** Task instructions **
Return, without anything added, the lines from the one containing "this 1659×2212 image." through the end of the entries below, exactly as written.

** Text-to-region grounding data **
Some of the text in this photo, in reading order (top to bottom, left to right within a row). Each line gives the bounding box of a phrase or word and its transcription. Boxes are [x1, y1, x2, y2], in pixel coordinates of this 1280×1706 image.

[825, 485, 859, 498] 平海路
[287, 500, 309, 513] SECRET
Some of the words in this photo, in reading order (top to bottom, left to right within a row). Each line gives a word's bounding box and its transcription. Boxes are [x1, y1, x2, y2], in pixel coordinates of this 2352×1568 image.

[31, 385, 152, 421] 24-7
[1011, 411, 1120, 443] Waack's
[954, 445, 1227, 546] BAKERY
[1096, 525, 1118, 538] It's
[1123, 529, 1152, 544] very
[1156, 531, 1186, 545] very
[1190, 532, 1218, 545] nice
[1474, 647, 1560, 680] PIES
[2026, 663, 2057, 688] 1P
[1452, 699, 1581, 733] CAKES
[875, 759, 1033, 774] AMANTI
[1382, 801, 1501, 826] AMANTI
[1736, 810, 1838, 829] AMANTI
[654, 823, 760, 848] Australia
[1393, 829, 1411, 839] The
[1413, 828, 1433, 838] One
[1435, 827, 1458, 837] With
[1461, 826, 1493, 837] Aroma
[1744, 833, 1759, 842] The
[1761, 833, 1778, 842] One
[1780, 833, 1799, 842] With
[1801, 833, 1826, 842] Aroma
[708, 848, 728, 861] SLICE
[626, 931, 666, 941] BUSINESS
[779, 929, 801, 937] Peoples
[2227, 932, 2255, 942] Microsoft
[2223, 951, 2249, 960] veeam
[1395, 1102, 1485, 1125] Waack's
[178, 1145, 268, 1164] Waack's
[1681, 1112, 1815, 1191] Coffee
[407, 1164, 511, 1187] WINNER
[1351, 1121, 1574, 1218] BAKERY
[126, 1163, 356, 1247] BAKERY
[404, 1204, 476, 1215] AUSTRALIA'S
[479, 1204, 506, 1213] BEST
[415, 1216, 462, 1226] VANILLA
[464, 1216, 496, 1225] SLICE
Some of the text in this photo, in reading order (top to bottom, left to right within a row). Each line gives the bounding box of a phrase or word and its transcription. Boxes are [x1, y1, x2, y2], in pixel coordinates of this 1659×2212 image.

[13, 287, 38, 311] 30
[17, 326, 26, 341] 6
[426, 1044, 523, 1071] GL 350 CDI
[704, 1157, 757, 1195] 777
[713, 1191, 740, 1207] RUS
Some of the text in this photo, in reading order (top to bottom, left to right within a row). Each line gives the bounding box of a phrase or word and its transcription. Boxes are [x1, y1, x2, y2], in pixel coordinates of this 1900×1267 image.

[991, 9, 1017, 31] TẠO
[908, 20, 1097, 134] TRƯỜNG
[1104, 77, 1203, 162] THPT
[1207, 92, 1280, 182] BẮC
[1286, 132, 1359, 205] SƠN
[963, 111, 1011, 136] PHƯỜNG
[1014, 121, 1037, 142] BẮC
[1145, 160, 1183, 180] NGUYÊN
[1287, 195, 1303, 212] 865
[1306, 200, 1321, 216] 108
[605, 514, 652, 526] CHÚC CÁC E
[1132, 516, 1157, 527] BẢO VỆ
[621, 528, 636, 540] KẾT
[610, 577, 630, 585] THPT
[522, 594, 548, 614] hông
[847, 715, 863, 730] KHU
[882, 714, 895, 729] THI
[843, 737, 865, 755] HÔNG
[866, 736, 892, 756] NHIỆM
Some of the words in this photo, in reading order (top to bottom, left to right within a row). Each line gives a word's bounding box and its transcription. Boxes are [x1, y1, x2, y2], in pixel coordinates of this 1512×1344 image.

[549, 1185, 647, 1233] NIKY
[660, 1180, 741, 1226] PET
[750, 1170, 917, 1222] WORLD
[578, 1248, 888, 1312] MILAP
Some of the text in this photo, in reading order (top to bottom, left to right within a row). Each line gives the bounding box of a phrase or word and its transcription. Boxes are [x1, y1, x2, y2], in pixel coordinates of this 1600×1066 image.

** Written response **
Some of the text in this photo, in reading order (top to bottom, left to right within a row). Each line gives the bounding box of a phrase or word and its transcription. Boxes are [x1, y1, x2, y2], in pixel coordinates of this 1659×2212 image.

[13, 287, 38, 311] 30
[17, 326, 26, 341] 6
[426, 1044, 523, 1071] GL 350 CDI
[704, 1157, 757, 1195] 777
[713, 1191, 740, 1207] RUS
Some of the text in this photo, in reading order (top to bottom, left to right within a row). Each line gives the bounding box of a phrase or word and its transcription. Boxes are [x1, y1, x2, y2], in pixel coordinates of this 1900×1267 image.

[991, 9, 1017, 31] TẠO
[908, 20, 1097, 134] TRƯỜNG
[1104, 77, 1203, 162] THPT
[1207, 92, 1280, 182] BẮC
[1286, 132, 1359, 205] SƠN
[963, 111, 1011, 136] PHƯỜNG
[1014, 121, 1037, 142] BẮC
[1145, 160, 1183, 180] NGUYÊN
[1287, 195, 1303, 212] 865
[1306, 200, 1321, 216] 108
[605, 514, 652, 526] CHÚC CÁC E
[1132, 516, 1157, 527] BẢO VỆ
[621, 528, 636, 540] KẾT
[610, 577, 630, 585] THPT
[522, 594, 548, 614] hông
[847, 715, 863, 730] KHU
[882, 714, 895, 729] THI
[843, 737, 865, 755] HÔNG
[866, 736, 892, 756] NHIỆM
Some of the words in this photo, in reading order (top to bottom, left to right within a row). Each line gives a word's bounding box and its transcription. Boxes are [x1, y1, x2, y2], in pixel coordinates of this 1512×1344 image.

[549, 1185, 647, 1233] NIKY
[660, 1180, 741, 1226] PET
[750, 1170, 917, 1222] WORLD
[578, 1248, 888, 1312] MILAP
Some of the text in this photo, in reading order (top to bottom, left to right within a row). Each line gives the bounding box of a phrase or word and its transcription. Boxes are [x1, y1, x2, y2], in pixel coordinates of this 1600×1066 image.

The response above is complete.